The lodestar method’s references to “fair market hourly rate” and “reasonably spent time” provide scarce objective guidance, so courts look at a variety of practical factors to help steer their analysis. According to the decision referenced above, these factors include:
(1) the length of the trial, (2) the difficulty of the legal and factual issues, (3) the degree of competence demonstrated by the attorney, (4) the nature of the case and issues, (5) the time and labor required, (6) the amount of money at stake, (7) the result achieved, (8) the experience, reputation, and ability of the attorney, (9) the usual price charged for similar services by other attorneys in the area, (10) the amount of awards in similar cases, and (11) the alternate demand for the attorney’s services.
With so much subjectivity and so many factors in the lodestar analysis, much is left to the discretion of the trial court judge. This level of discretion gives judges wide latitude to decide cases involving the reasonableness of attorneys’ fees, so it is difficult to predict the outcome of any particular dispute over legal fees.
Neither lawyers nor their clients want a dispute over fees to turn into a lawsuit. To avoid runaway fees, clients can and should have frequent communications with their attorneys about expectations for fees and disbursements. For example, if there are going to be multiple attorneys working on a single project, the reason for the staffing arrangement should be shared with the client. Similarly, if a firm plans to bill a client for internal conferences (i.e., conversations among attorneys at a single firm), the managing attorney should explain to the client his or her view about the value of having such conferences.

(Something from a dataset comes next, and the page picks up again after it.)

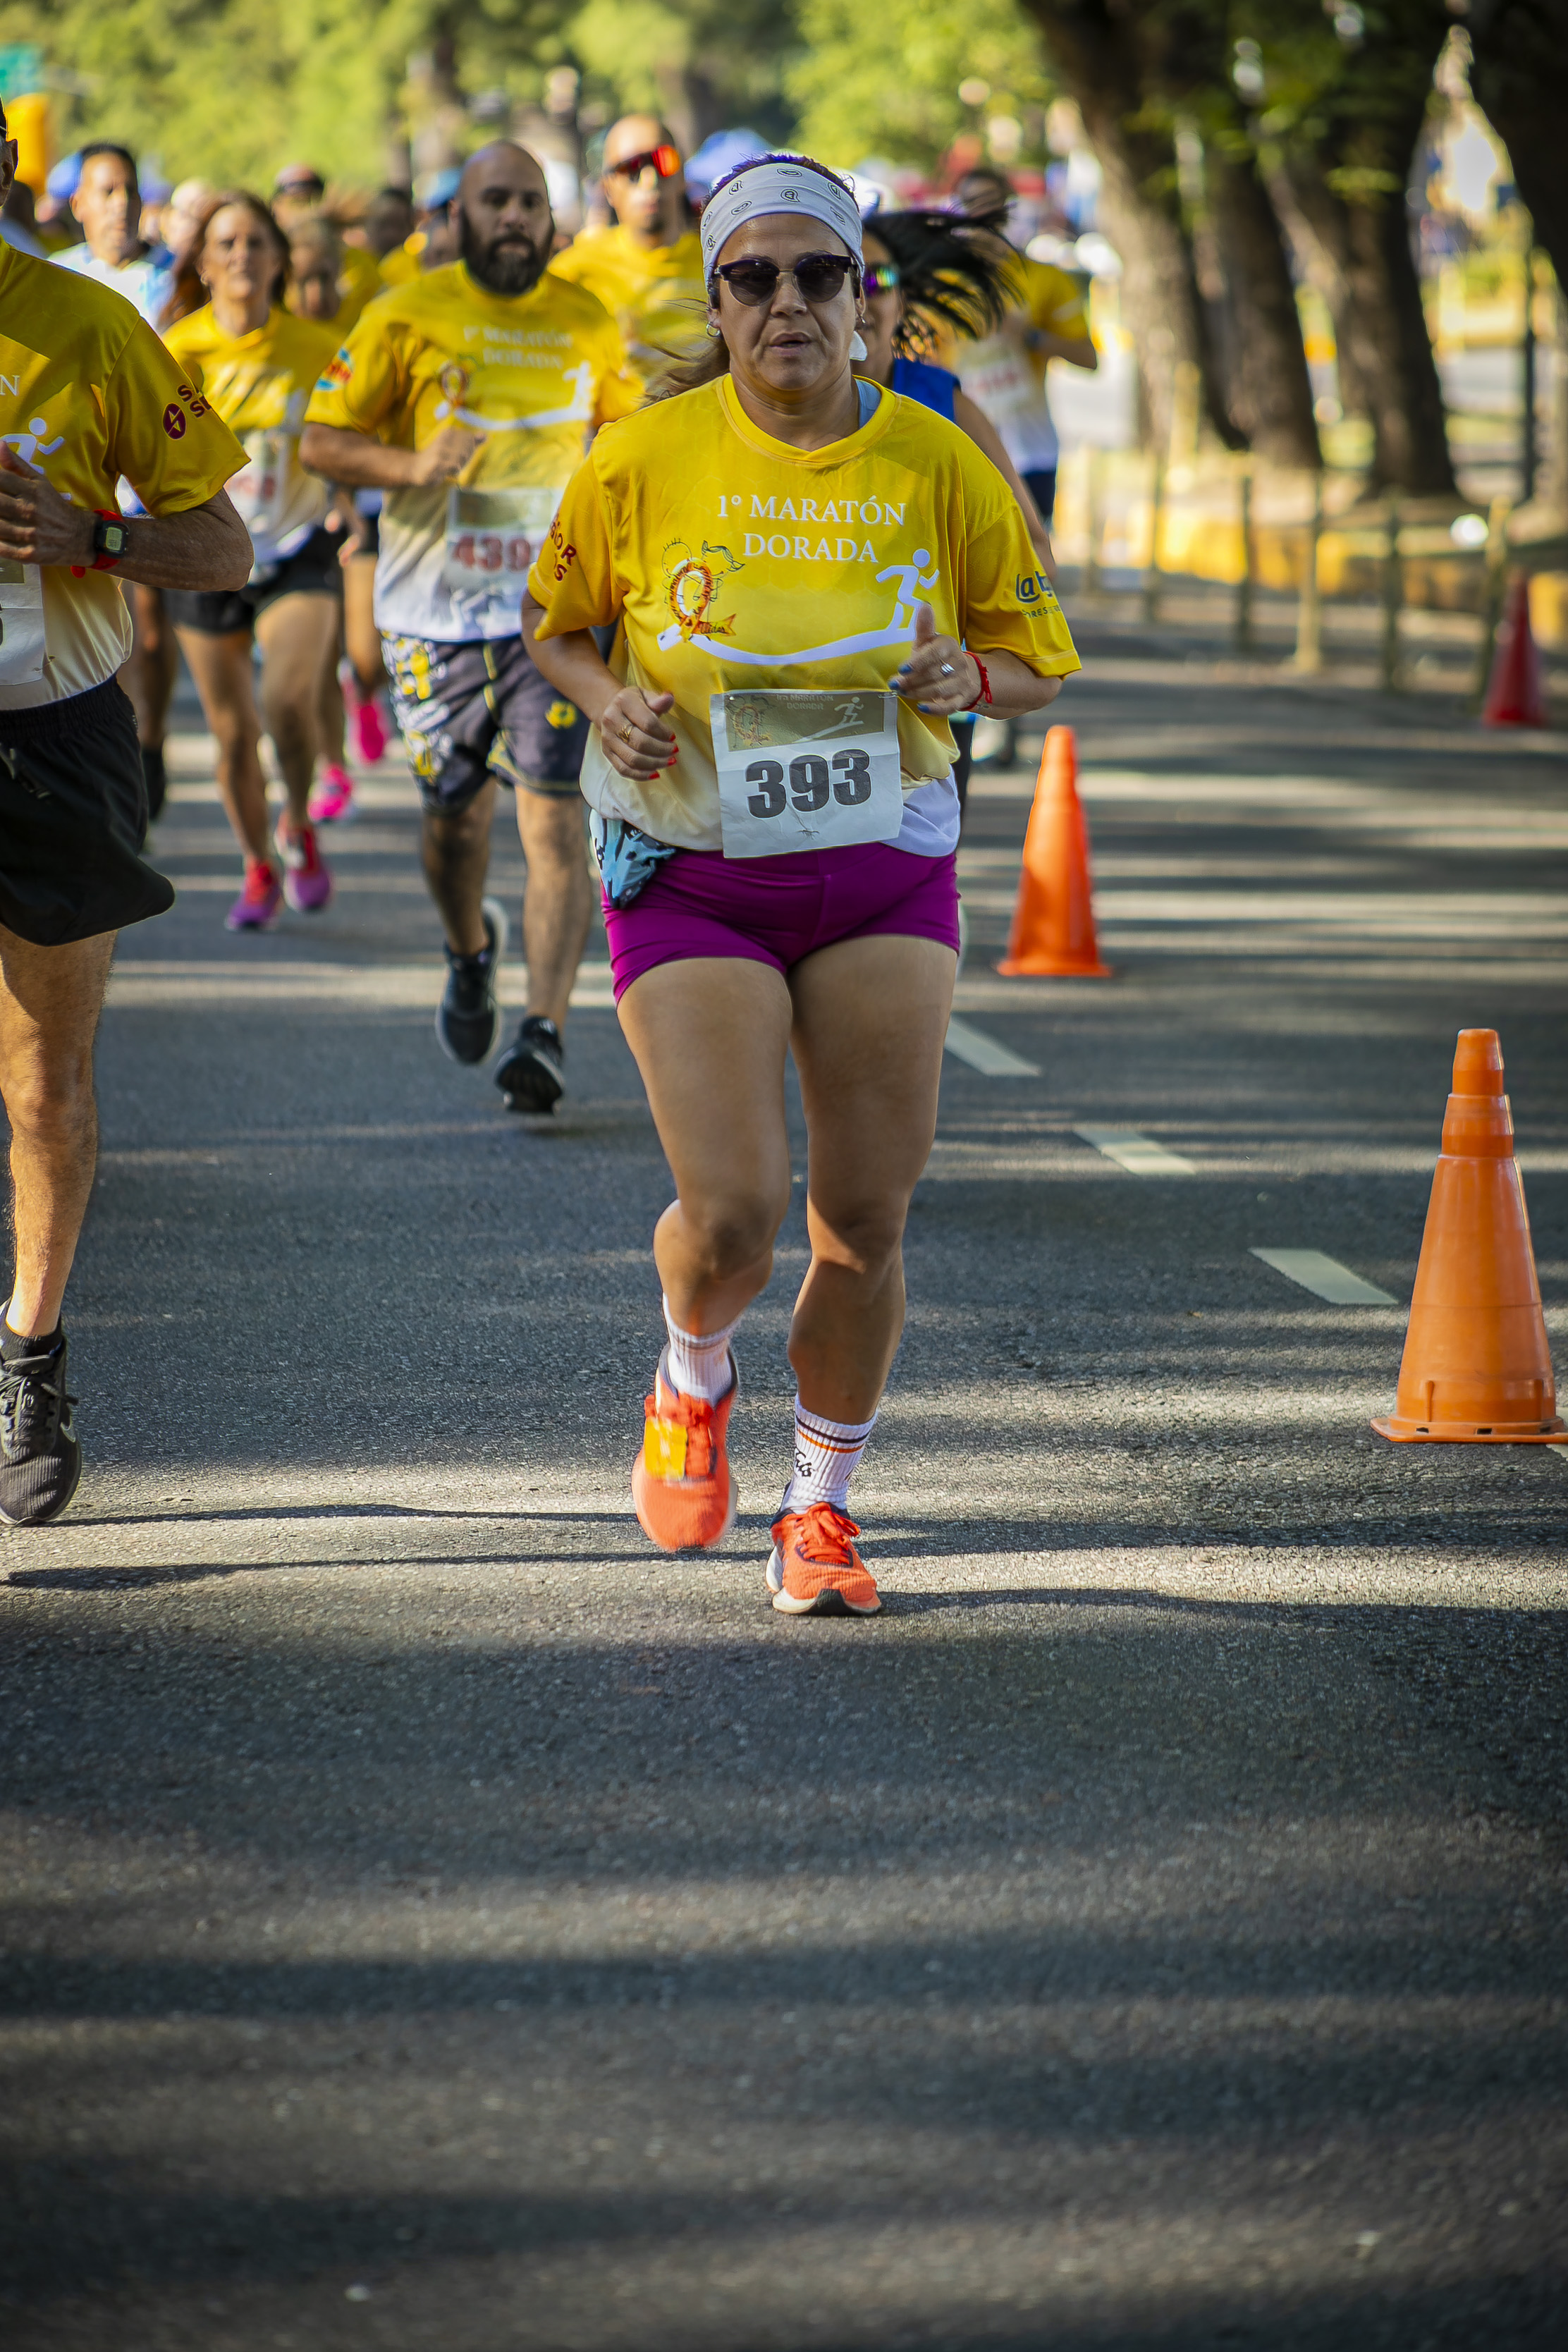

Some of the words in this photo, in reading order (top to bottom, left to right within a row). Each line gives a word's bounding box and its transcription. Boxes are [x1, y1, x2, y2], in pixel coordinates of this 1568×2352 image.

[749, 494, 907, 525] MARATÓN
[742, 533, 878, 563] DORADA
[745, 748, 872, 819] 393

Avoiding fee disputes is not an exact science, but — as with much in life — good communication is the key. Beck Reed Riden LLP’s mission is to help our clients as business partners; a significant component of this approach involves practical discussions about our clients’ goals and expectations. Through these discussions, we explore mutual expectations surrounding fees. We also offer a variety of innovative billing arrangements. We share our clients’ interest in minimizing the chances of any dispute over the cost of legal services.